All records need to be reproduced exactly. Keep every word as it is.

[Source data]
'''

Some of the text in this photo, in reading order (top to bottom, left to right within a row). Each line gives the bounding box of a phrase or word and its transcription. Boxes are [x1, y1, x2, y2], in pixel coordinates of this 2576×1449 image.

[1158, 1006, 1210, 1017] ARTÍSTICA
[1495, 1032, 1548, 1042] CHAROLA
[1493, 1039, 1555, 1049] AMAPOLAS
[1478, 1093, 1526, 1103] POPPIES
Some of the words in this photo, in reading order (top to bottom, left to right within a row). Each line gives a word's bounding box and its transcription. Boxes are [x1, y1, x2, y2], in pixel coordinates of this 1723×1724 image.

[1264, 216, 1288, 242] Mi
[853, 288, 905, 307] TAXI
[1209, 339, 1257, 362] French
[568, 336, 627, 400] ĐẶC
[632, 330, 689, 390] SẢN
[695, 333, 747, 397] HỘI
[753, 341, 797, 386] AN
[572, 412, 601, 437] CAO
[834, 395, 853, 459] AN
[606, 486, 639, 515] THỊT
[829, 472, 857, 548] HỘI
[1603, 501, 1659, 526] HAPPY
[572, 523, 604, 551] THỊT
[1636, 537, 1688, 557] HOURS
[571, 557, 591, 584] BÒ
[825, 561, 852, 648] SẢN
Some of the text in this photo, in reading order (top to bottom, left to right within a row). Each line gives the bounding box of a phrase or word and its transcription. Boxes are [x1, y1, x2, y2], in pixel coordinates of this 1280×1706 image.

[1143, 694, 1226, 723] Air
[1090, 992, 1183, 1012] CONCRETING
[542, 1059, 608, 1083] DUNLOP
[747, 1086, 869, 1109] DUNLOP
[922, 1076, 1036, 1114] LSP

'''

▸ Result for this task
Some of the text in this photo, in reading order (top to bottom, left to right within a row). Each line gives the bounding box of a phrase or word and its transcription. Boxes are [x1, y1, x2, y2], in pixel coordinates of this 2576×1449 image.

[1158, 1006, 1210, 1017] ARTÍSTICA
[1495, 1032, 1548, 1042] CHAROLA
[1493, 1039, 1555, 1049] AMAPOLAS
[1478, 1093, 1526, 1103] POPPIES
Some of the words in this photo, in reading order (top to bottom, left to right within a row). Each line gives a word's bounding box and its transcription. Boxes are [x1, y1, x2, y2], in pixel coordinates of this 1723×1724 image.

[1264, 216, 1288, 242] Mi
[853, 288, 905, 307] TAXI
[1209, 339, 1257, 362] French
[568, 336, 627, 400] ĐẶC
[632, 330, 689, 390] SẢN
[695, 333, 747, 397] HỘI
[753, 341, 797, 386] AN
[572, 412, 601, 437] CAO
[834, 395, 853, 459] AN
[606, 486, 639, 515] THỊT
[829, 472, 857, 548] HỘI
[1603, 501, 1659, 526] HAPPY
[572, 523, 604, 551] THỊT
[1636, 537, 1688, 557] HOURS
[571, 557, 591, 584] BÒ
[825, 561, 852, 648] SẢN
Some of the text in this photo, in reading order (top to bottom, left to right within a row). Each line gives the bounding box of a phrase or word and its transcription. Boxes are [x1, y1, x2, y2], in pixel coordinates of this 1280×1706 image.

[1143, 694, 1226, 723] Air
[1090, 992, 1183, 1012] CONCRETING
[542, 1059, 608, 1083] DUNLOP
[747, 1086, 869, 1109] DUNLOP
[922, 1076, 1036, 1114] LSP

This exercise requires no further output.